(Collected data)

----

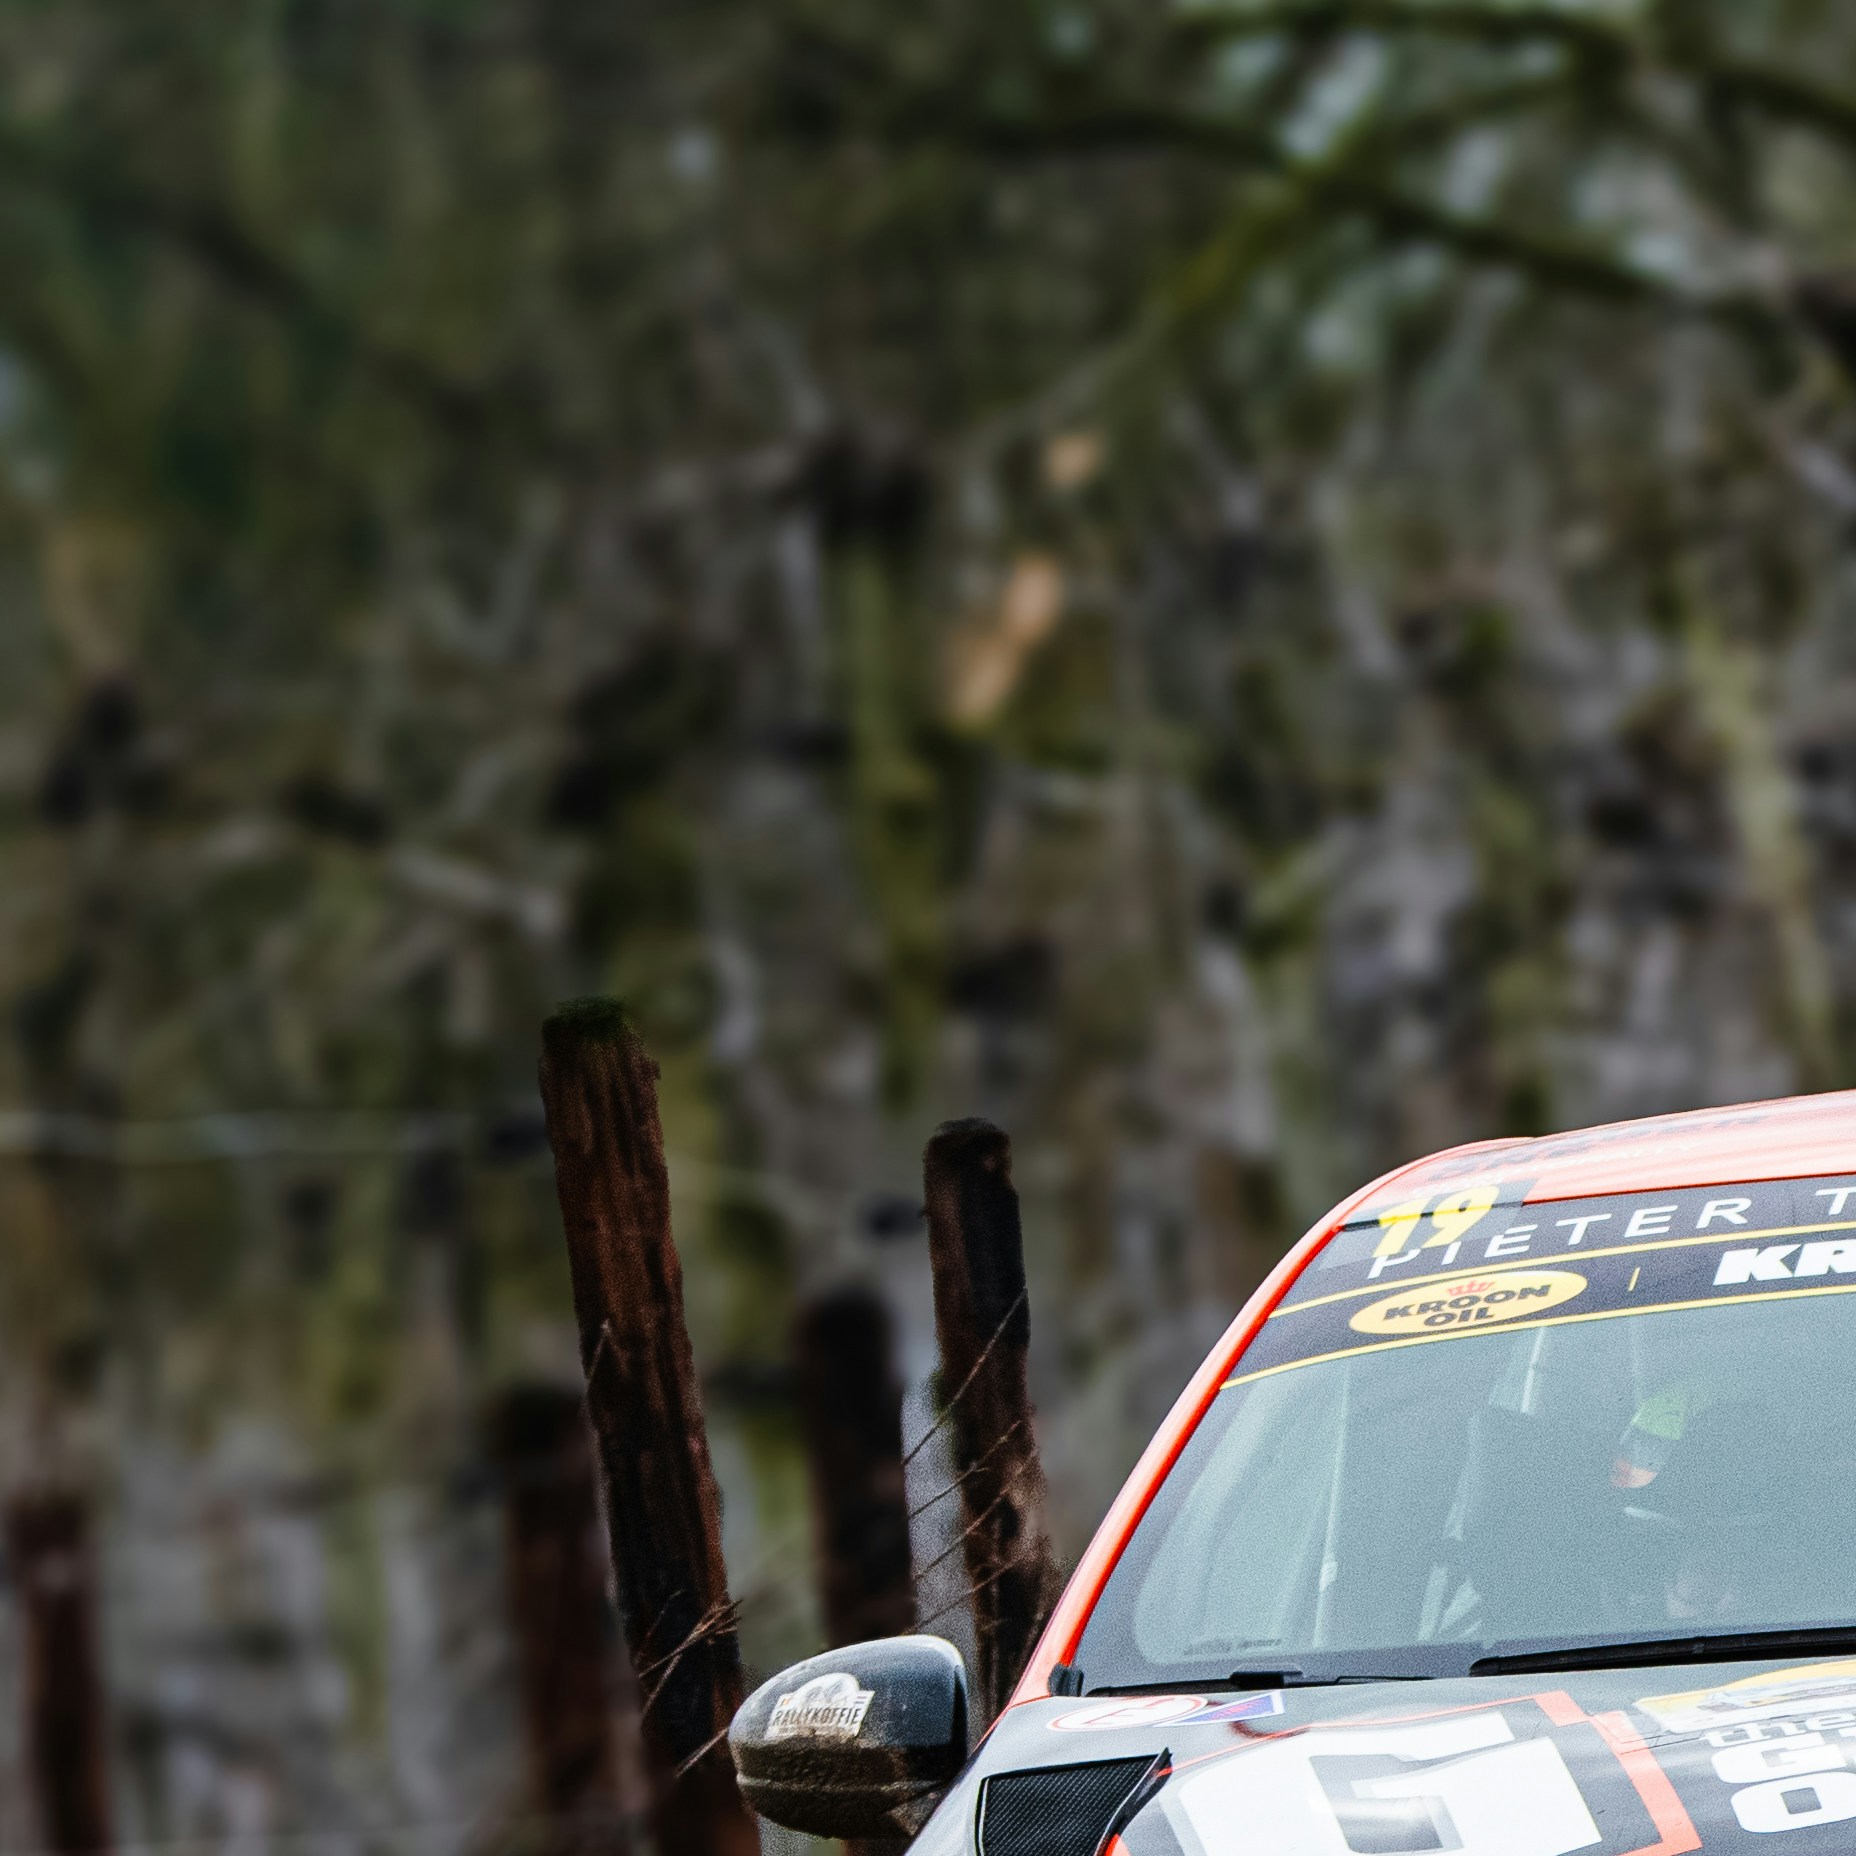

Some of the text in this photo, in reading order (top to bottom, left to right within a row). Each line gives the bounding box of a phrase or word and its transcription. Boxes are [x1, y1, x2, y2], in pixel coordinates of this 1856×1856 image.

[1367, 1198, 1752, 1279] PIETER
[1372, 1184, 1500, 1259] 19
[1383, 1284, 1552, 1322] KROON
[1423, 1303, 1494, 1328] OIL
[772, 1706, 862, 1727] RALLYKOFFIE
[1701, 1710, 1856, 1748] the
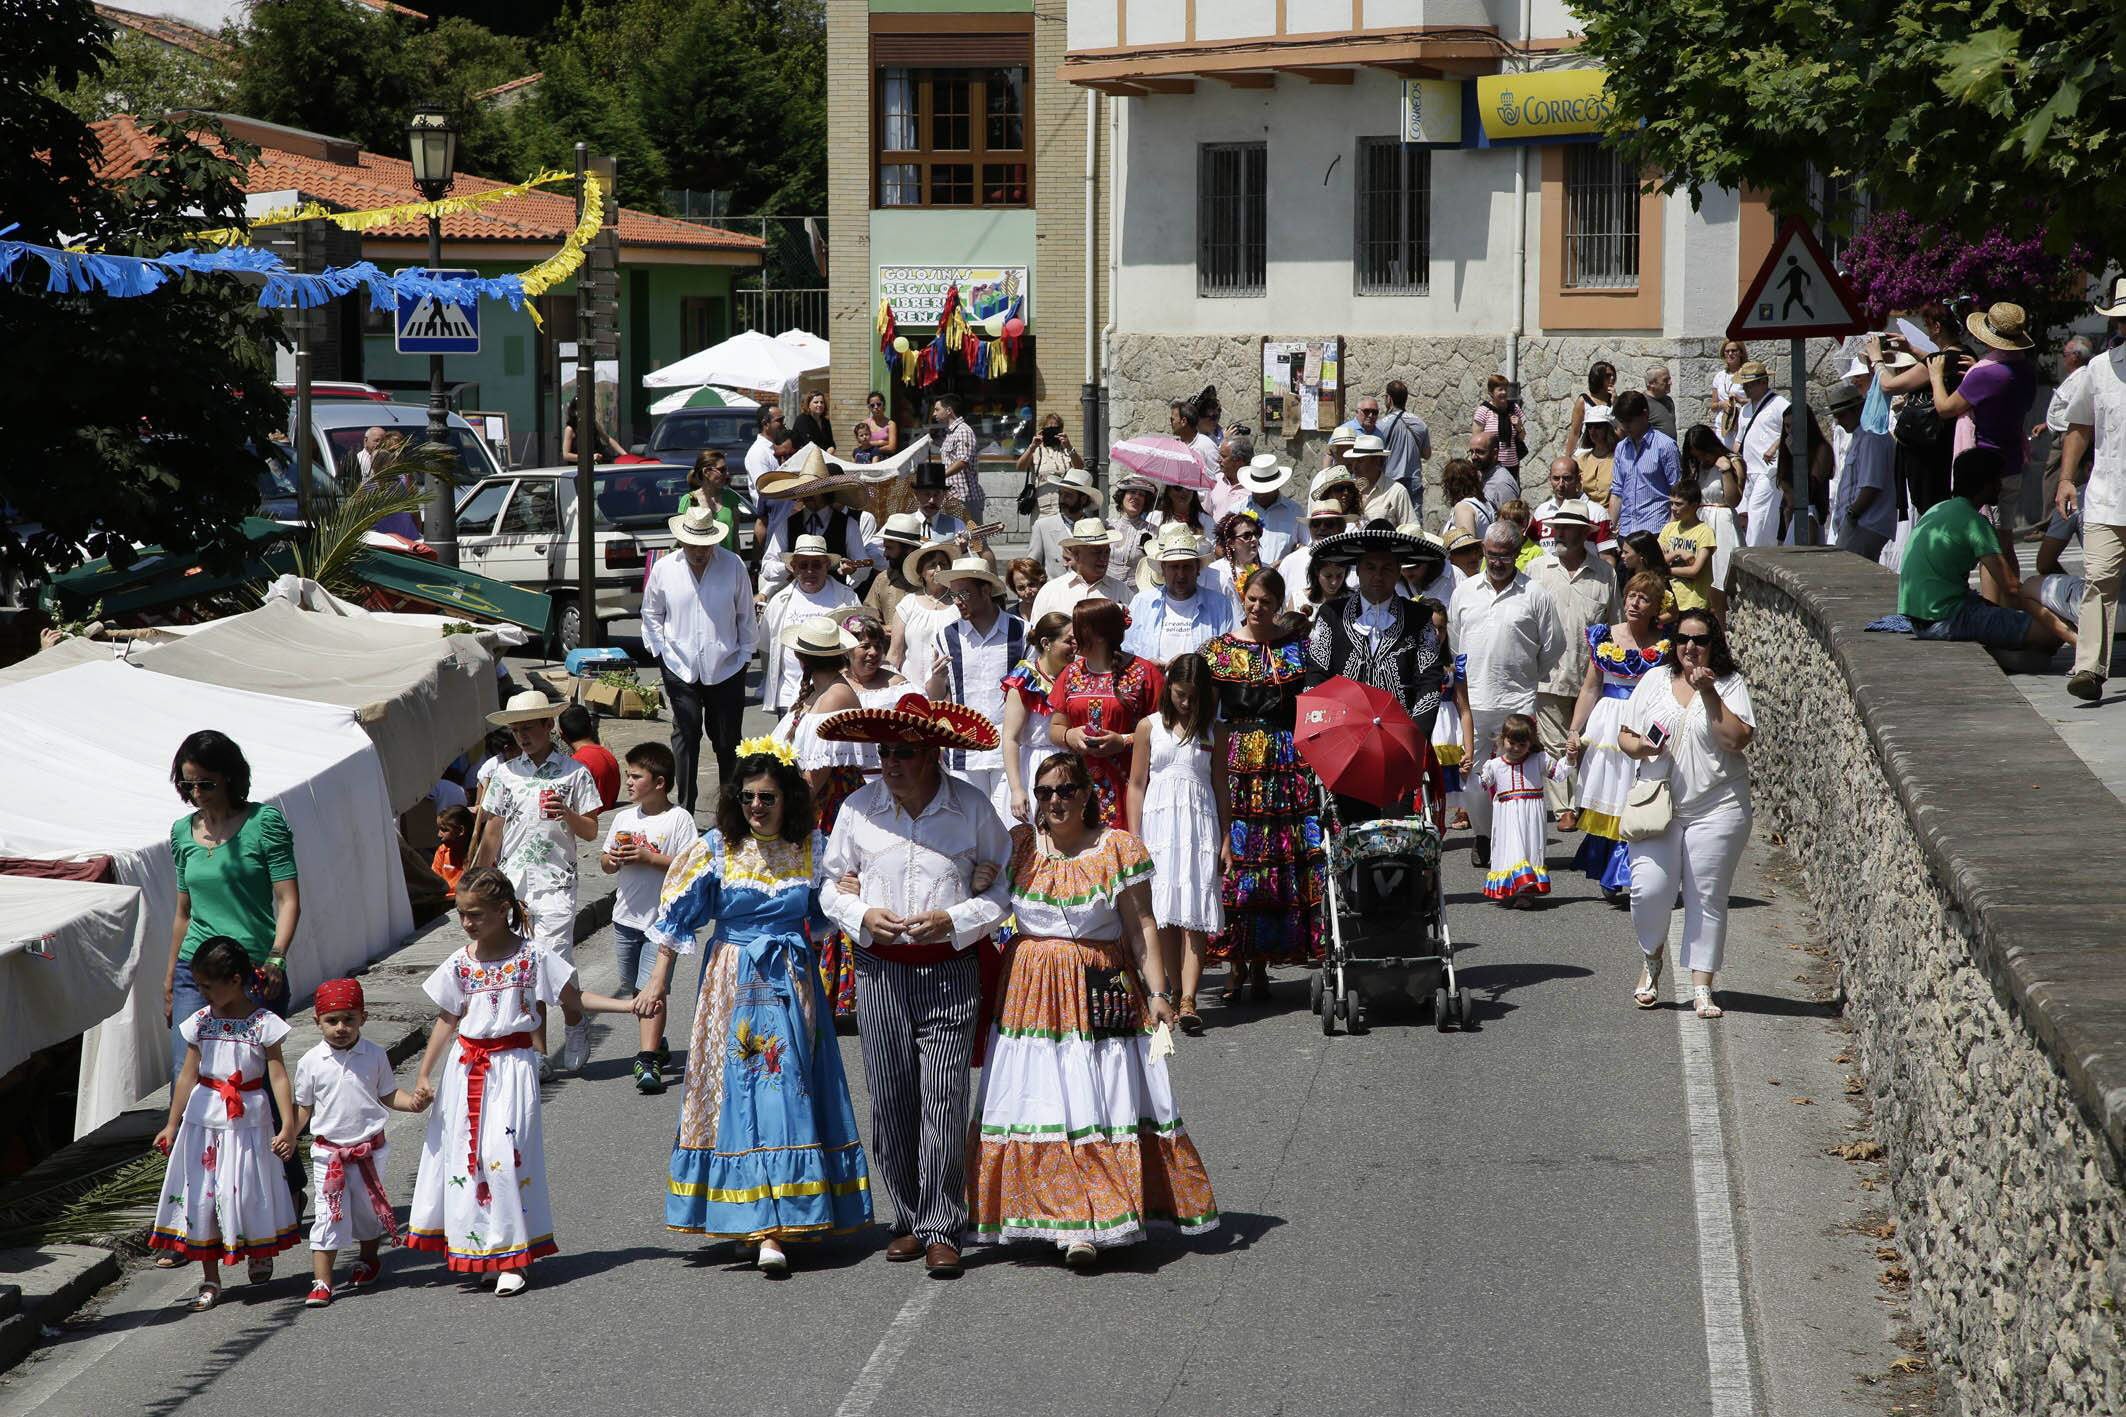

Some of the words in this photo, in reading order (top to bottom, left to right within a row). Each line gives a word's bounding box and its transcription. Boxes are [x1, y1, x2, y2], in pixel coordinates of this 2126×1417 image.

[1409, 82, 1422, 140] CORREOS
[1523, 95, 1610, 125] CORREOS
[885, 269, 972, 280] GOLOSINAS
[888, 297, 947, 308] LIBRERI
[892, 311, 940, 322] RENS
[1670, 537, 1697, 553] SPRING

----

◆ **TASK**
Each line from the one holding "Some of the words" to the end of the entries is to be written out exactly. Skip every line before it.

◆ **ANSWER AREA**
Some of the words in this photo, in reading order (top to bottom, left to right within a row). Each line gives a word's bounding box and its transcription. Boxes are [x1, y1, x2, y2], in pixel coordinates of this 2126×1417 image.

[1409, 82, 1422, 140] CORREOS
[1523, 95, 1610, 125] CORREOS
[885, 269, 972, 280] GOLOSINAS
[888, 297, 947, 308] LIBRERI
[892, 311, 940, 322] RENS
[1670, 537, 1697, 553] SPRING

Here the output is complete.